In late 1825, Matthew sent a message to the governor. He wanted to get out of the colony. If he didn’t, he’d capture an important settler, Richard Dry. But Arthur had done something Matthew didn’t know about: he had planted a traitor in Brady’s Bunch.
Matthew kept his word, capturing the whole house, with family and guests. He had a wonderful time and so did the women. He danced with them and sang for them at the piano. But a servant slipped out and brought soldiers to help. Matthew rode out with his men, wearing the hat of a Colonel Balfour, who had led the soldiers. It was typically cheeky, but this was his last success. He had been shot in the leg.

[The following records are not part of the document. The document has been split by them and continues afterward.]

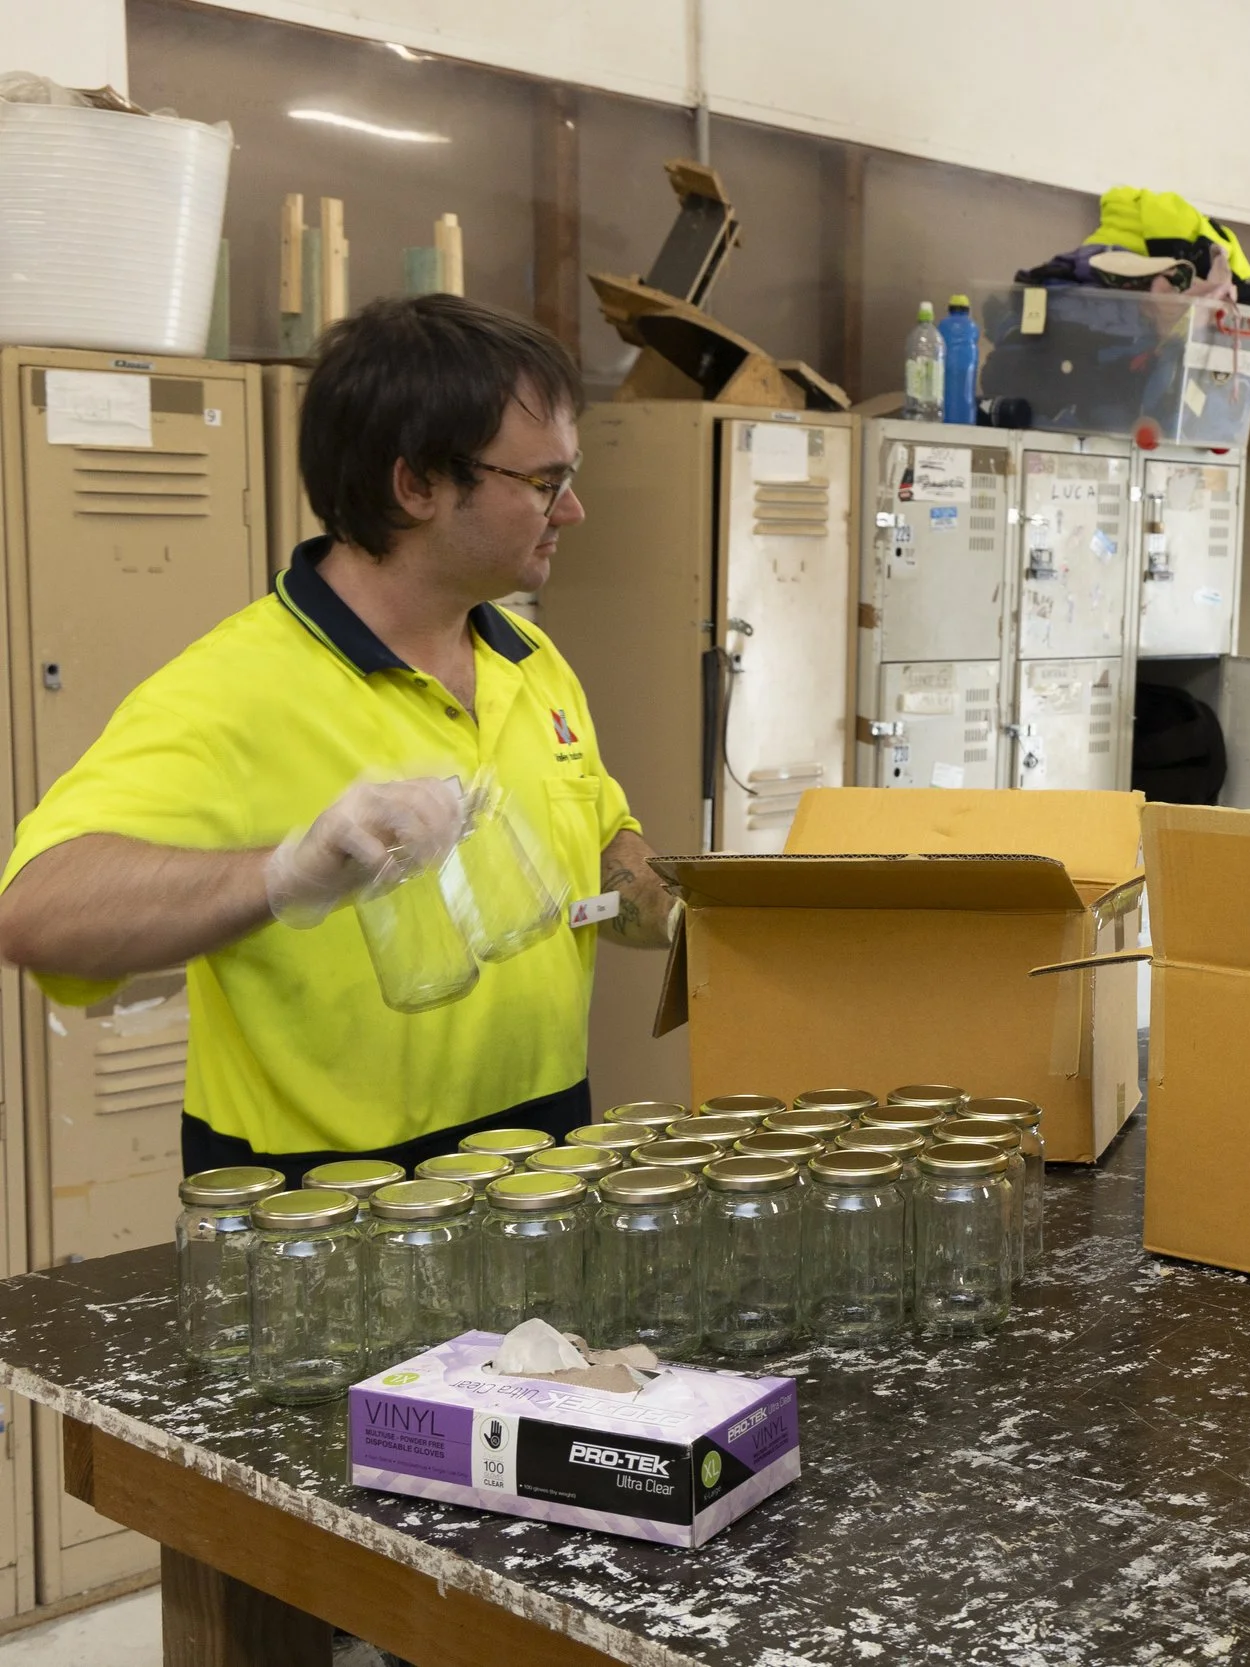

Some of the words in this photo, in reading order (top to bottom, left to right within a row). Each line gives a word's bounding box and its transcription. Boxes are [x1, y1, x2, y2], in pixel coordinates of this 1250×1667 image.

[1052, 484, 1096, 500] LUCA
[449, 1380, 496, 1394] Clear
[497, 1385, 540, 1400] Ultra
[365, 1399, 445, 1438] VINYL
[728, 1407, 768, 1444] PRO-TEK
[365, 1428, 396, 1442] MULTIUSE
[400, 1435, 428, 1447] POWDER
[428, 1440, 445, 1451] FREE
[752, 1415, 788, 1449] VINYL
[365, 1437, 413, 1454] DISPOSABLE
[413, 1446, 445, 1459] GLOVES
[483, 1460, 505, 1475] 100
[569, 1443, 671, 1477] PRO-TEK
[704, 1459, 720, 1482] XL
[484, 1478, 504, 1488] CLEAR
[617, 1474, 643, 1491] Ultra
[645, 1479, 675, 1496] Clear

Governor Arthur’s spy, a convict called Cohen, told the soldiers where the gang was hiding. Matthew escaped, but his wound was still bad. He was caught by a bounty hunter called John Batman, who was to found Melbourne several years later.
Lots of people signed a petition to save Matthew’s life. It didn’t help. He had caused too much trouble to be allowed to live. While he was in prison, his admirers sent him flowers, food and fan letters. On the way to the gallows, women threw flowers at him.

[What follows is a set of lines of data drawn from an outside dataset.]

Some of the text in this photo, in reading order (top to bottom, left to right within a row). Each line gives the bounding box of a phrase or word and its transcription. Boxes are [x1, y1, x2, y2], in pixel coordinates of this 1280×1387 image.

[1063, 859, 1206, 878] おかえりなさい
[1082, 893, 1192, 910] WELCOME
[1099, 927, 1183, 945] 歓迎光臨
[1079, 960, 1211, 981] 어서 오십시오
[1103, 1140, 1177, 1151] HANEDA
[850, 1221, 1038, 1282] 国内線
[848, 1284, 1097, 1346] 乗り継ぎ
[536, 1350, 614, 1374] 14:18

Matthew bowed to the sobbing crowd, then accepted his fate.
DID YOU KNOW…?
The first crime in Australia happened only two weeks after the First Fleet arrived on 26 January 1788, with its load of convicts. Two convicts were tried for stealing. Other crimes happened only a few weeks after that.
AUSTRALIA’S FIRST BANK ROBBERY
Sydney in 1828 was a very different place from today. Half the people living there were convicts. Not all convicts were kept locked up as prisoners are today. Many could walk around where they wanted as long as they went to work and turned up for church on Sunday mornings. Church was important. Any convict who didn’t come to pray could be locked up.
While many people were sent to Australia for crimes that would get them only a fine today, there were others who just kept on doing things they shouldn’t. The problem with keeping all those criminals in one place was that if anyone wanted to pull off a big heist it was easy enough to find experts.
James Dingle, who had been freed in 1827, had a wonderful idea. He knew about a drain under George Street, which led to the foundations of the new Bank of Australia, where rich people kept their money. Why not dig through to the bank? He discussed the matter with a convict, George Farrell, and a man called Thomas Turner, who had been involved in building the bank. Turner gave some advice, but dropped out of the plan in case the police suspected him. The thieves replaced him with a man called Clayton. They invited a safecracker by the name of William Blackstone into their plot. If anyone could make this work, he could.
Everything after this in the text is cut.